■ **What needs to be done**:
In the copy, include every entry exactly but none of the images.

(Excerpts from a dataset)
- - - - - - -
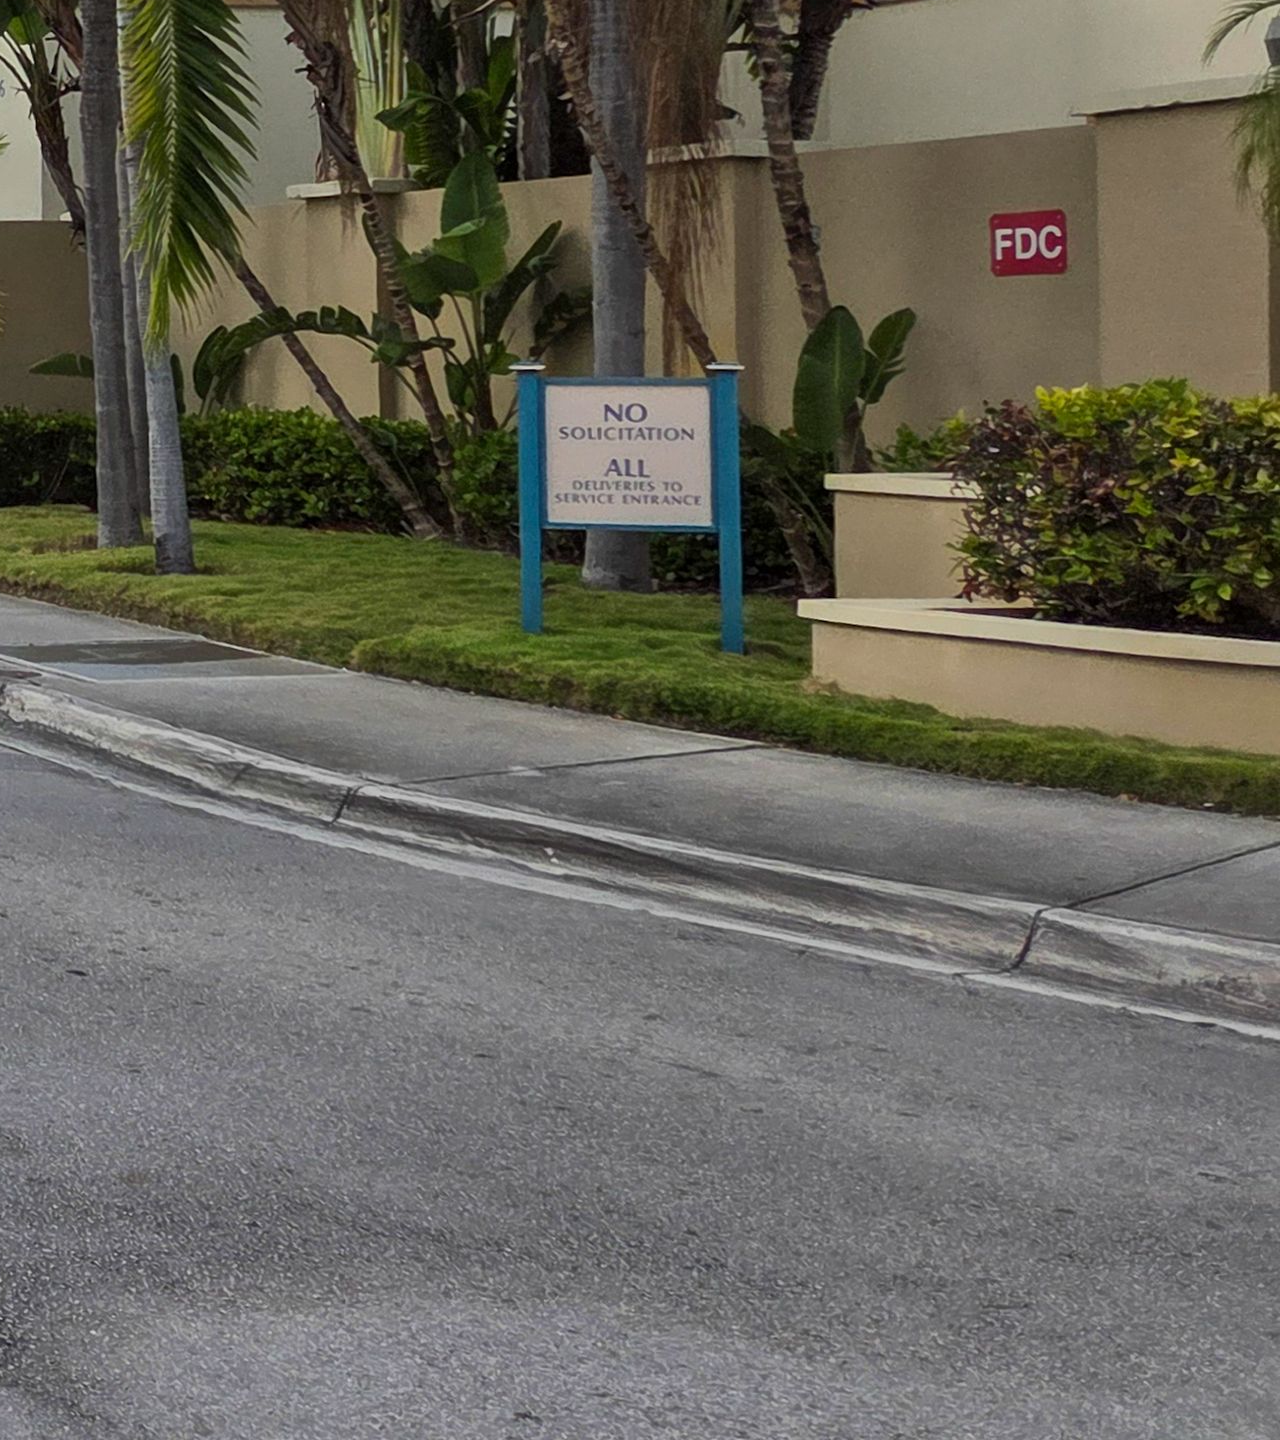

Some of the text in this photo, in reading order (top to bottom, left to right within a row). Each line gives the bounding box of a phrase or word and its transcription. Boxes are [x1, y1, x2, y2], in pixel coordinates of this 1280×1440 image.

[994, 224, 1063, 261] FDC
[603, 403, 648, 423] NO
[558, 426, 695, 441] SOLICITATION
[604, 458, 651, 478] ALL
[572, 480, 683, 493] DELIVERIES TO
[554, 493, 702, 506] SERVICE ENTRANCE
- - - - - - -
■ **Task response**:
Some of the text in this photo, in reading order (top to bottom, left to right within a row). Each line gives the bounding box of a phrase or word and its transcription. Boxes are [x1, y1, x2, y2], in pixel coordinates of this 1280×1440 image.

[994, 224, 1063, 261] FDC
[603, 403, 648, 423] NO
[558, 426, 695, 441] SOLICITATION
[604, 458, 651, 478] ALL
[572, 480, 683, 493] DELIVERIES TO
[554, 493, 702, 506] SERVICE ENTRANCE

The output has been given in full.